It is notoriously difficult for victims of crime to successfully sue the police on the basis that they failed to match up to their duty of care. However, as the case of a woman who was repeatedly stabbed outside her home showed, it is not impossible.
The woman, her husband and children were getting into the family car when the attacker approached and knifed her seven times in the chest and body. He was later convicted of attempted murder and imprisoned for life. A neighbour had telephoned the police 12-13 minutes before the incident to inform them that a man was loitering outside the woman's home. An officer was swiftly despatched to the scene but no telephone warning was issued to the woman prior to the attack.
She was seriously injured and sought damages from the relevant police force. In dismissing her claim, however, a judge emphasised the reasons of public policy why the police are not generally under a duty of care to protect individual members of the public from the crimes of third parties. He went on to find that, even had the force owed the woman such a duty, it had not been breached.
In upholding her appeal against the judge's ruling, the High Court noted that she had been in a long and abusive relationship with her attacker. He was twice accused of assaulting her and had been convicted of an attack on her husband. He had been arrested at least three times and on numerous occasions had breached bail conditions preventing him from contacting her or going to her home.

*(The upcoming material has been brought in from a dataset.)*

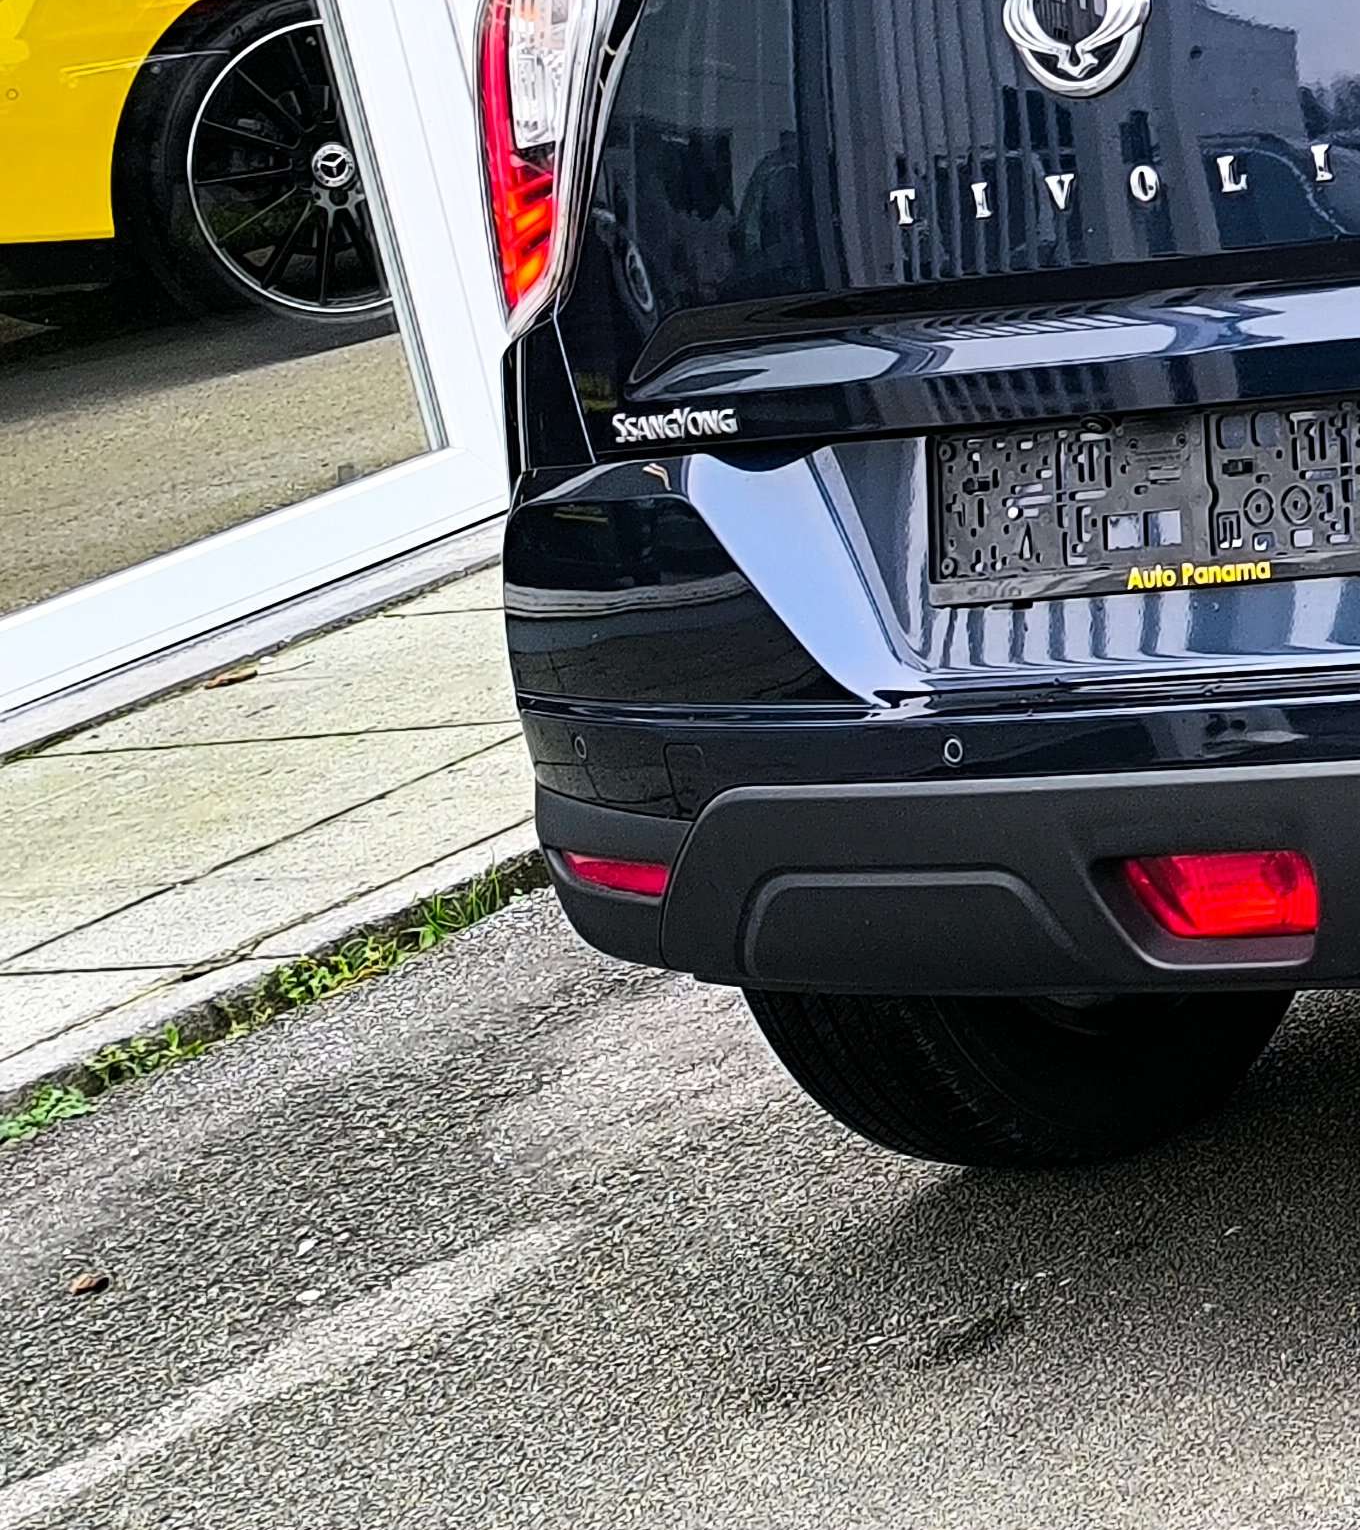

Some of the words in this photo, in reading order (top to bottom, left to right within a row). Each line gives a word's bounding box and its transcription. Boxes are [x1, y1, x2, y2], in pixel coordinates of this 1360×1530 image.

Shortly before the attack, he had threatened to kill her and her family and to rape her children. The force was aware that, the day before the attack, he had trespassed on her property twice. Effectively laying siege to her home, he caused criminal damage to a window pane and attempted to break down her front door. The force knew that she was petrified to the point of being in fear of her life and accepted that it had erroneously assessed the risk to her as 'medium', rather than 'high'.
The attacker had never been accused of carrying a knife or other weapon in any of his interactions with the woman or her husband. However, the Court found that, on receiving the neighbour's 999 call, the force should reasonably have foreseen that the woman was at high risk of bodily injury within a very short space of time. Given that the call was made just as the woman was likely to be leaving for work and taking her children on the school run, the risk to her was immediate and obvious.
Turning to the public policy aspects of the case, the Court noted that abused women need protection. There were very good reasons why the neighbour's warning should have been passed on to her and the cost of doing so would have been infinitesimally small. Far from undermining police decision-making, imposing a duty of care on the force in such circumstances was likely to encourage good practice and promote public confidence in making reports to the police.
Ruling that the force had breached its duty of care, the Court found that the woman had a reasonable expectation that it would warn her that the attacker was lurking outside her home and that it had assumed a responsibility to do so. Other issues in the case, including the question of whether the force's breach of duty caused the woman's injuries, were remitted for determination by the trial judge, if available.